Llegué a 1980, la última novela de Juan Vilá, seducida por la promesa de encontrar la historia de una familia como todas, o casi todas: tarada. Es decir, normal. Estas líneas, unidas al ofrecimiento de un jugoso personaje, una madre viuda y fan de María Jiménez —porque no eres una persona cualquiera si eres fan de María Jiménez. Ser fan de María Jiménez, como ser fan de Extremoduro, es señal de llevar alguna que otra cicatriz en el alma—, completaron la forma de mi deseo: la de sumergirme en los entresijos de esa familia.
Me interesa mucho, muchísimo, el modo en el que nos relacionamos las personas.

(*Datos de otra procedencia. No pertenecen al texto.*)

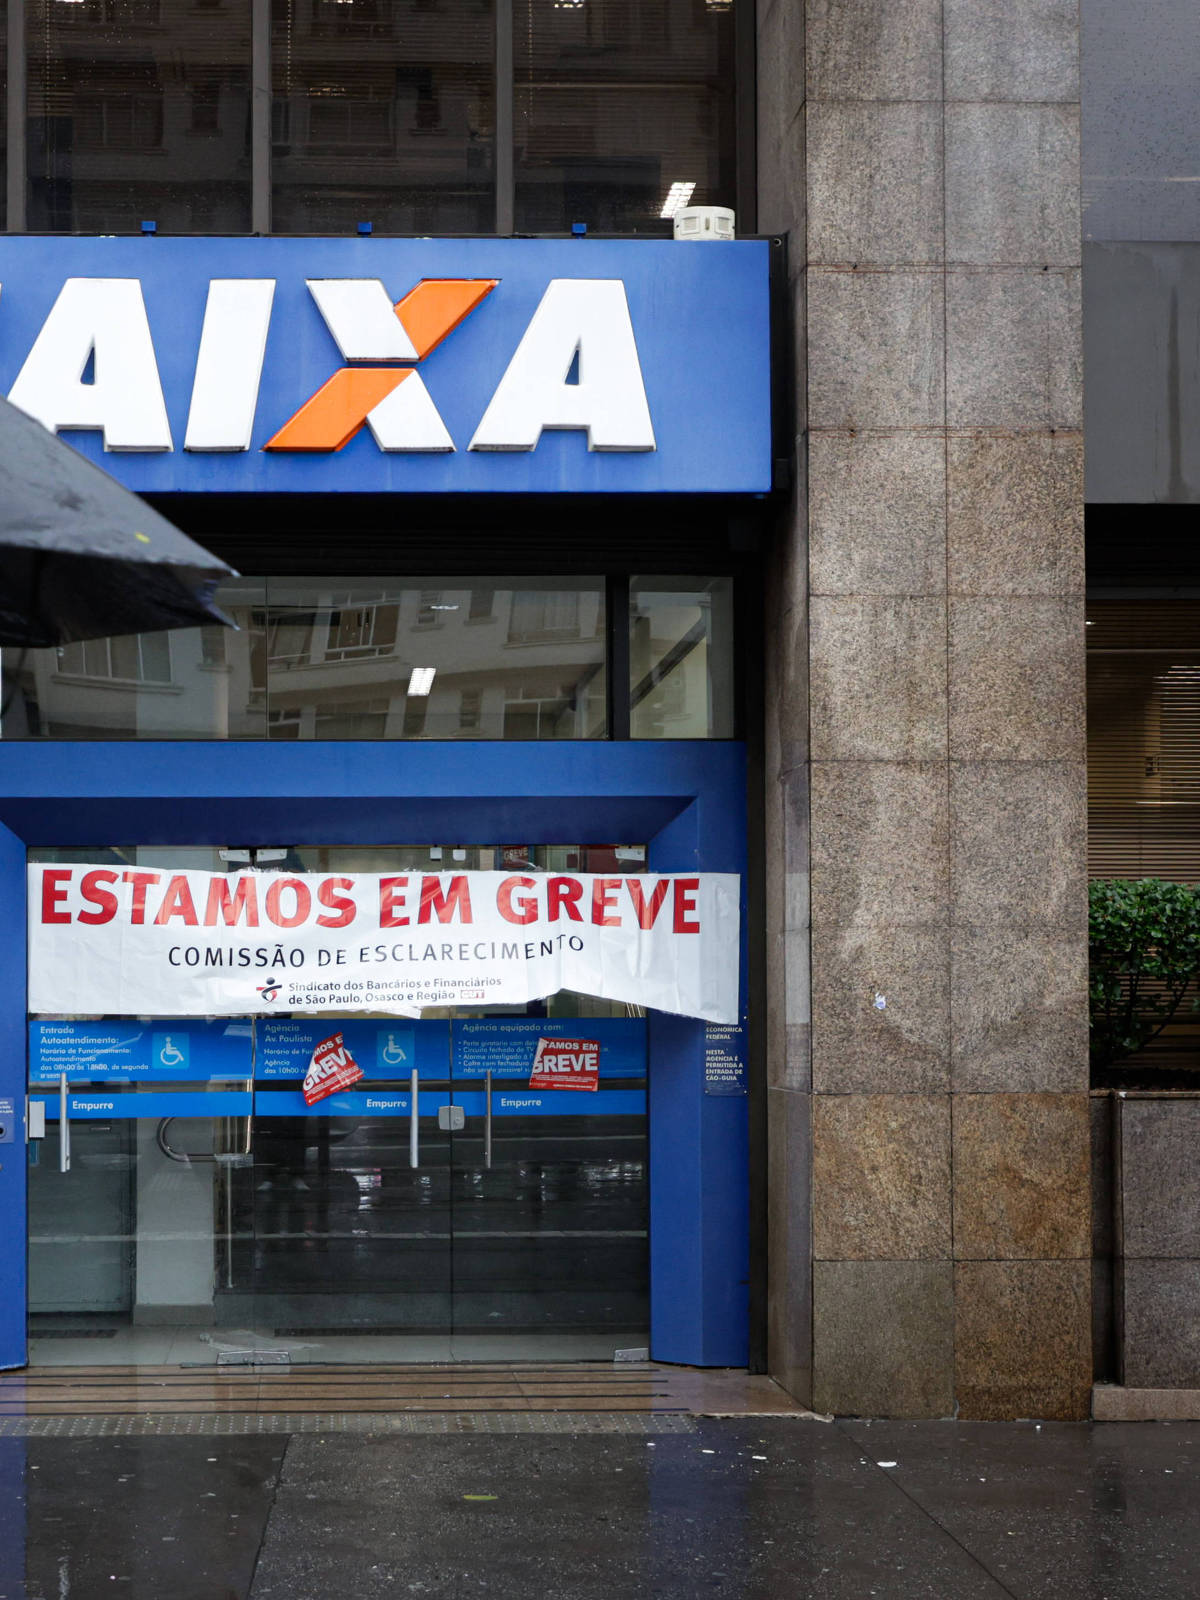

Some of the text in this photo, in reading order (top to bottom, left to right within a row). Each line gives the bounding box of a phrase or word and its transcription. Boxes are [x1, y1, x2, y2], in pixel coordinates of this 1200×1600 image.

[41, 869, 700, 934] ESTAMOS EM GREVE
[168, 934, 584, 968] COMISSÃO DE ESCLARECIMENTO
[288, 981, 341, 992] Sindicato
[344, 980, 364, 991] dos
[367, 978, 422, 990] Bancários
[433, 976, 502, 988] Financiários
[288, 990, 455, 1005] de São Paulo, Osasco e Região
[40, 1025, 75, 1034] Entrada
[264, 1023, 300, 1033] Agência
[462, 1023, 498, 1033] Agência
[500, 1024, 541, 1033] equipada
[40, 1036, 120, 1045] Autoatendimento:
[279, 1034, 313, 1042] Paulista
[542, 1041, 580, 1051] TAMOS
[582, 1043, 599, 1051] EM
[40, 1063, 52, 1071] das
[122, 1063, 149, 1071] segunda
[264, 1059, 290, 1067] Agência
[534, 1053, 599, 1074] GREVE
[72, 1101, 114, 1111] Empurre
[366, 1098, 408, 1109] Empurre
[500, 1098, 542, 1108] Empurre

Cómo reaccionamos ante los mismos estímulos. Cómo funcionan nuestras familias, nuestras parejas, nuestras amistades. Me interesan las cosas que tienen que ver con la piel. Que están dentro de la piel o sobre ella. Con mi alma de voyeur al viento, comencé a leer. No quise saber nada antes, ni leer ninguna crítica, ni entrevista: nada. Quería llegar lo más libre de prejuicios posible a esta historia, la de una familia normal, sin grandes dramas, o con una aproximación a ellos poco trágica. Porque dramas en estas páginas haberlos, hailos.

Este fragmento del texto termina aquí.